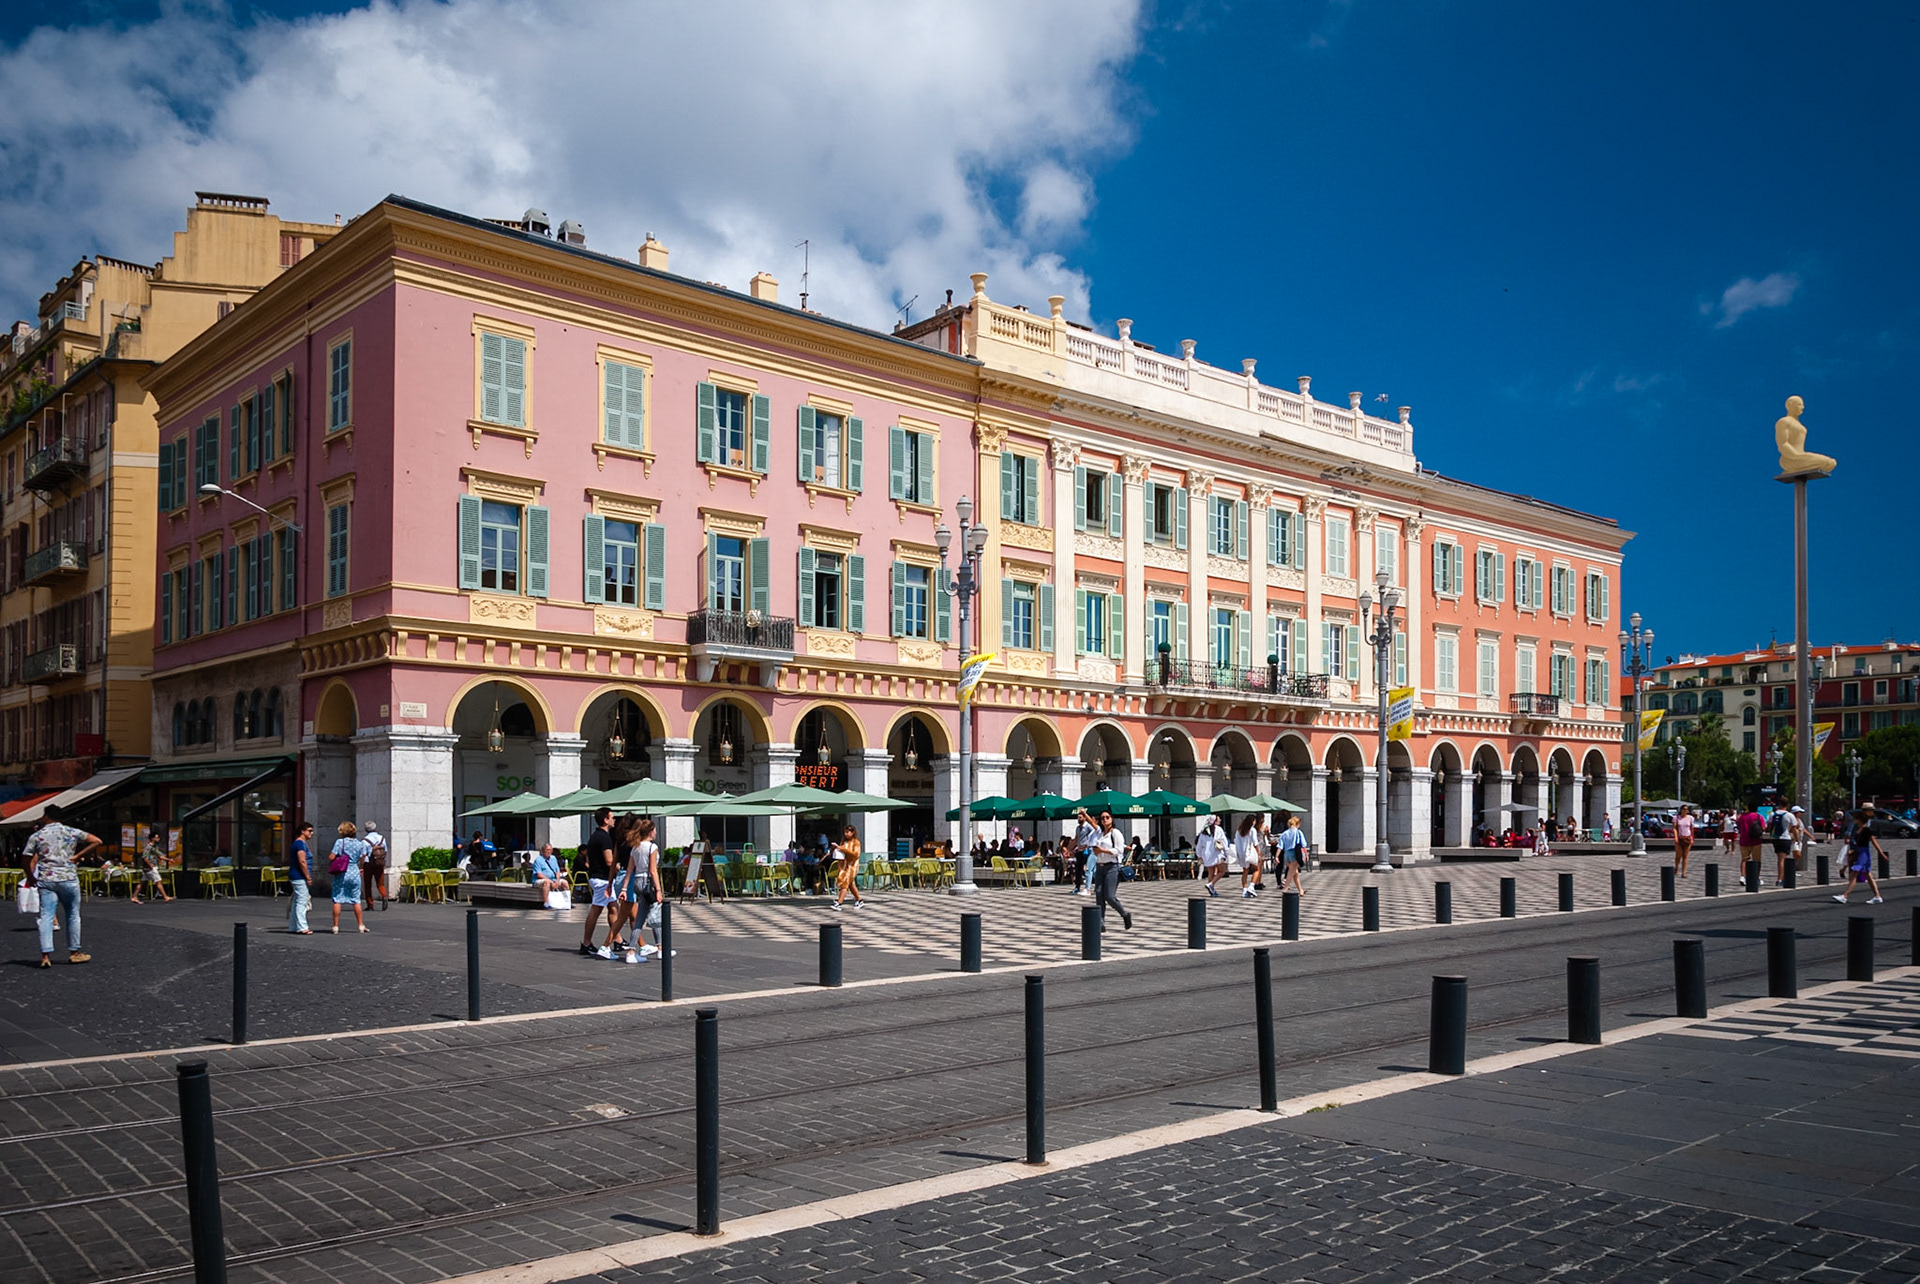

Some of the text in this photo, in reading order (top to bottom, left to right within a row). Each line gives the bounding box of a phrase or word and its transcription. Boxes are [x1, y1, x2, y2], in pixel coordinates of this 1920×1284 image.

[795, 765, 838, 776] ONSIEUR
[497, 775, 521, 791] SO
[695, 779, 747, 793] SO Green
[800, 775, 838, 788] BERT
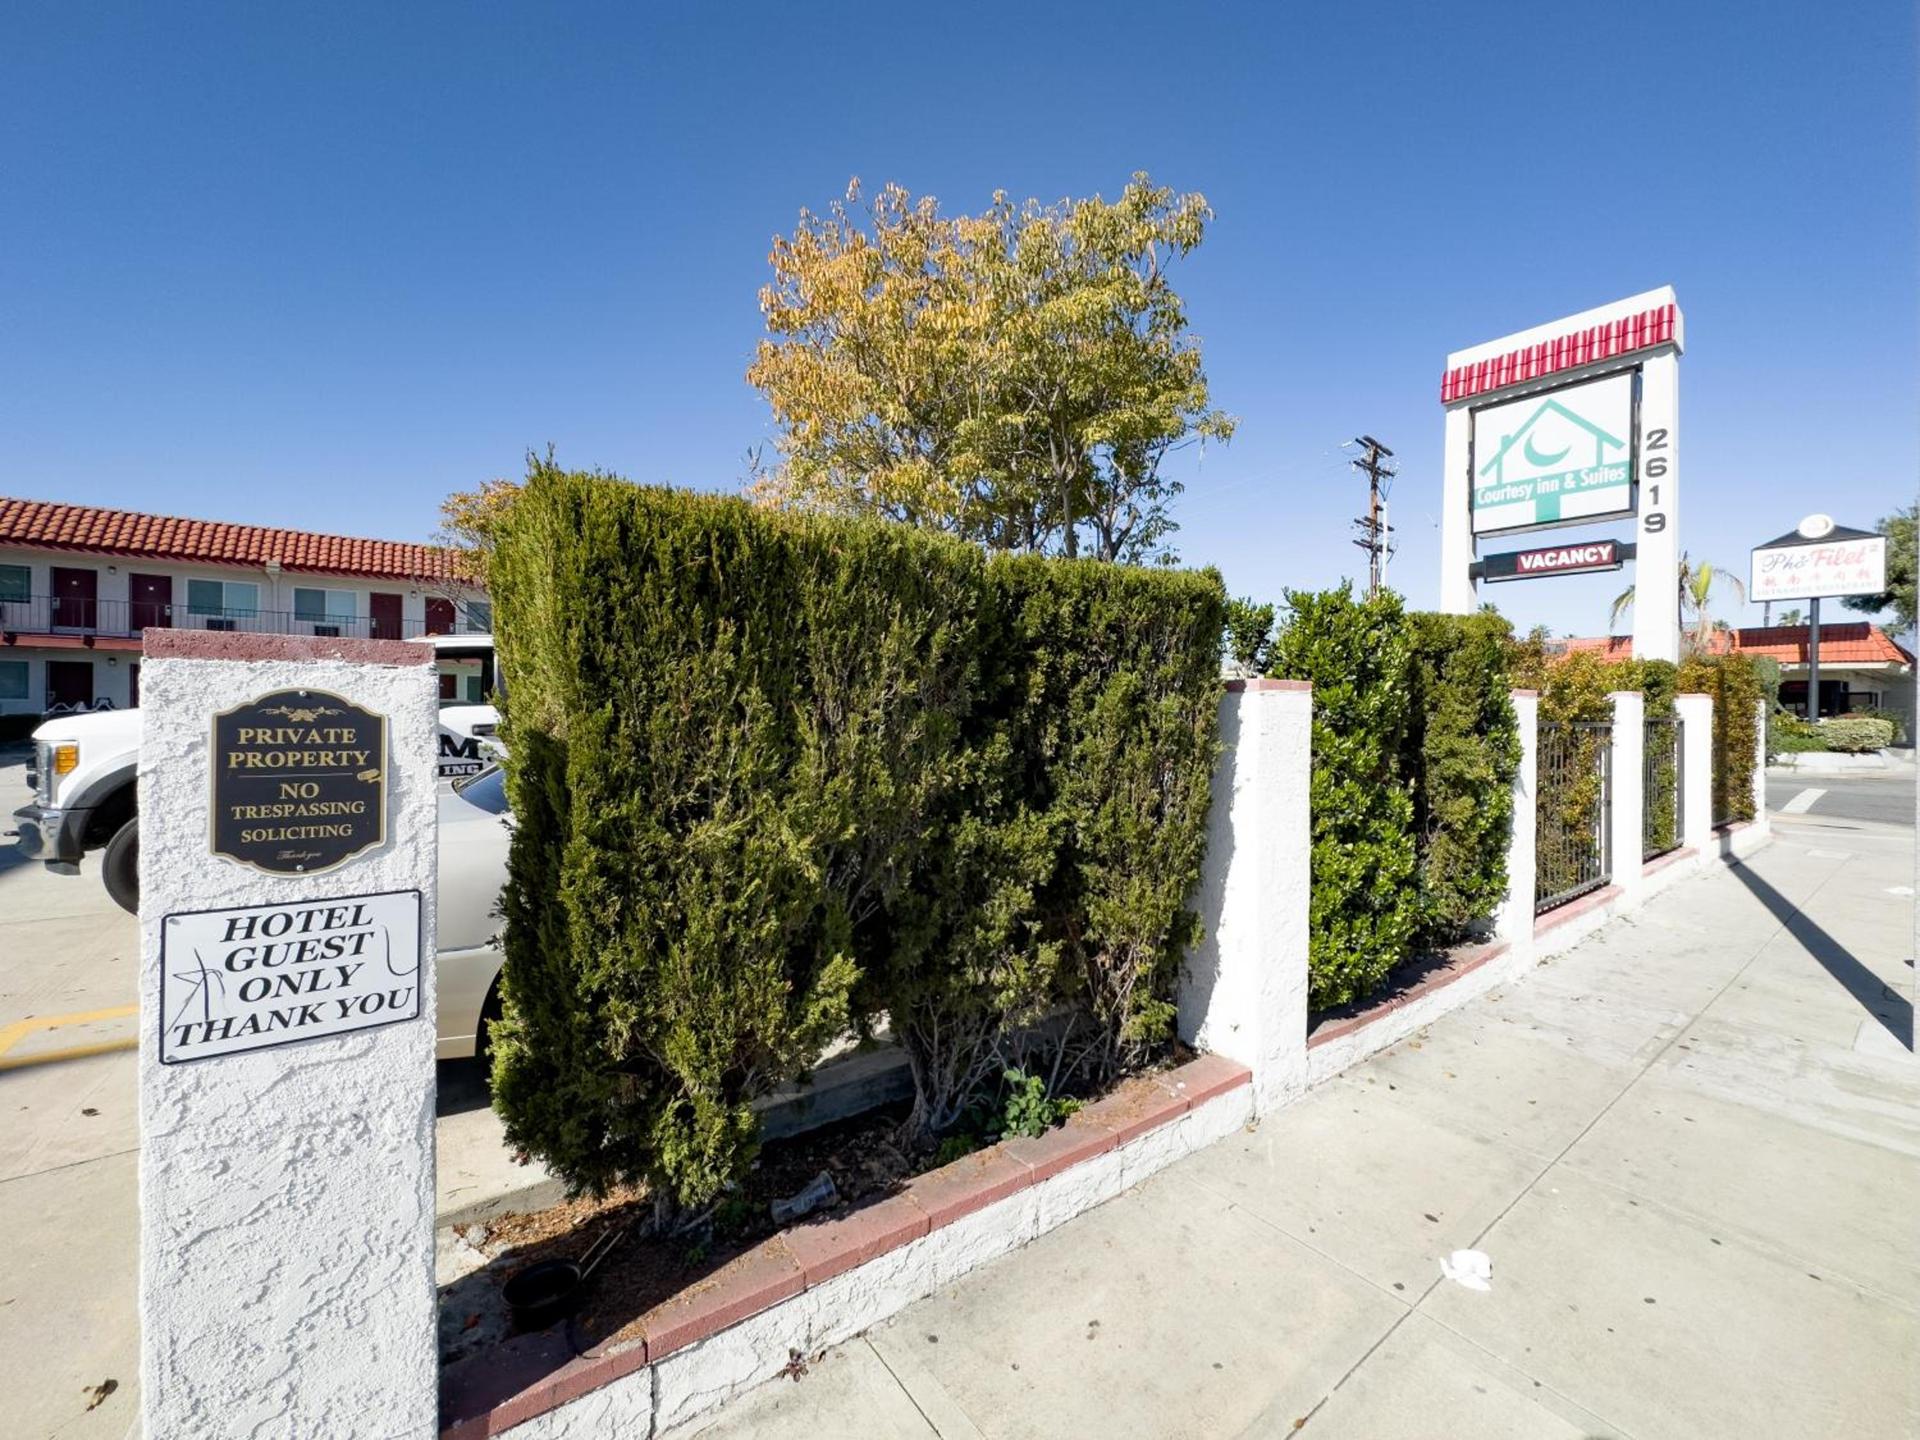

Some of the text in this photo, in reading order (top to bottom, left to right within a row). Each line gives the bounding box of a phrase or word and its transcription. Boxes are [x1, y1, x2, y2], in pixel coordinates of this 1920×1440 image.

[1477, 484, 1534, 505] Courtesy
[1563, 472, 1577, 489] &
[1580, 466, 1626, 487] Suites
[1645, 428, 1668, 533] 2619
[1520, 544, 1613, 569] VACANCY
[237, 728, 357, 745] PRIVATE
[227, 750, 371, 769] PROPERTY
[279, 782, 320, 800] NO
[231, 800, 366, 820] TRESPASSING
[241, 823, 353, 843] SOLICITING
[219, 903, 374, 943] HOTEL
[224, 931, 375, 973] GUEST
[238, 962, 365, 1003] ONLY
[173, 986, 415, 1048] THANK YOU
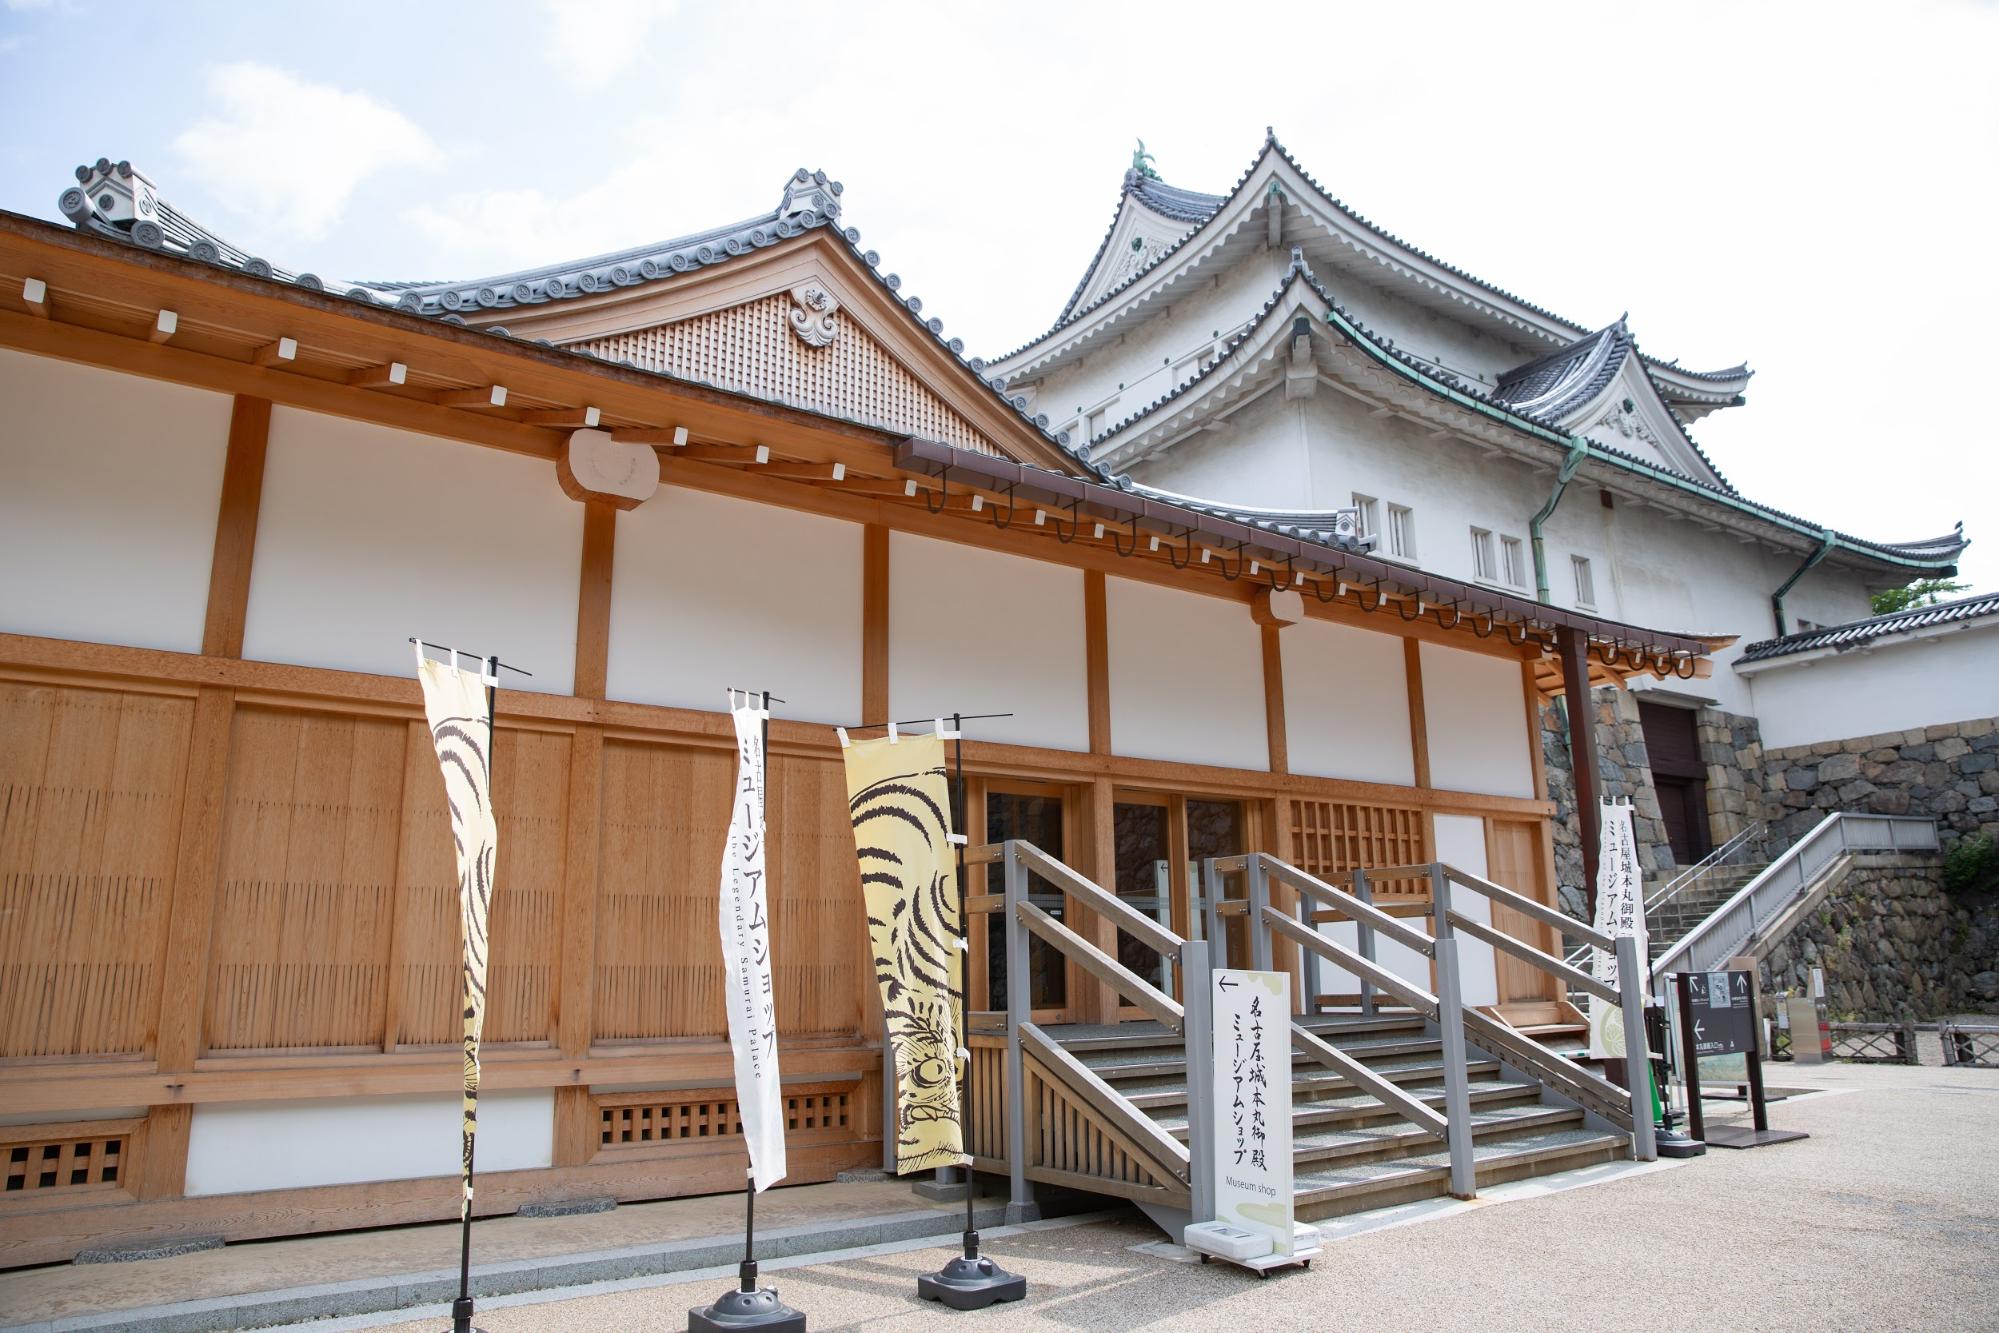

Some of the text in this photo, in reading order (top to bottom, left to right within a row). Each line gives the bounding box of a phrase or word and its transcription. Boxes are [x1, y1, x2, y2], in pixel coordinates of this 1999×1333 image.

[743, 738, 775, 1058] ミュージアムショップ
[1620, 820, 1634, 936] 名古屋城本丸御殿
[732, 868, 745, 948] Legendary
[741, 957, 755, 1019] Samurai
[749, 1028, 762, 1079] Palace
[1232, 1013, 1247, 1165] ミュージアムショップ
[1249, 996, 1267, 1171] 名古屋城本丸御殿
[1225, 1175, 1277, 1197] Museum shop

==*==

> _REQUIRED WORK_
Restate the material above exactly. Exclude all pictures.

> _WRITTEN ANSWER_
Some of the text in this photo, in reading order (top to bottom, left to right within a row). Each line gives the bounding box of a phrase or word and its transcription. Boxes are [x1, y1, x2, y2], in pixel coordinates of this 1920×1284 image.

[795, 765, 838, 776] ONSIEUR
[497, 775, 521, 791] SO
[695, 779, 747, 793] SO Green
[800, 775, 838, 788] BERT

Some of the text in this photo, in reading order (top to bottom, left to right within a row). Each line gives the bounding box of a phrase or word and its transcription. Boxes are [x1, y1, x2, y2], in pixel coordinates of this 1920×1440 image.

[1477, 484, 1534, 505] Courtesy
[1563, 472, 1577, 489] &
[1580, 466, 1626, 487] Suites
[1645, 428, 1668, 533] 2619
[1520, 544, 1613, 569] VACANCY
[237, 728, 357, 745] PRIVATE
[227, 750, 371, 769] PROPERTY
[279, 782, 320, 800] NO
[231, 800, 366, 820] TRESPASSING
[241, 823, 353, 843] SOLICITING
[219, 903, 374, 943] HOTEL
[224, 931, 375, 973] GUEST
[238, 962, 365, 1003] ONLY
[173, 986, 415, 1048] THANK YOU

Some of the text in this photo, in reading order (top to bottom, left to right within a row). Each line gives the bounding box of a phrase or word and its transcription. Boxes are [x1, y1, x2, y2], in pixel coordinates of this 1999×1333 image.

[743, 738, 775, 1058] ミュージアムショップ
[1620, 820, 1634, 936] 名古屋城本丸御殿
[732, 868, 745, 948] Legendary
[741, 957, 755, 1019] Samurai
[749, 1028, 762, 1079] Palace
[1232, 1013, 1247, 1165] ミュージアムショップ
[1249, 996, 1267, 1171] 名古屋城本丸御殿
[1225, 1175, 1277, 1197] Museum shop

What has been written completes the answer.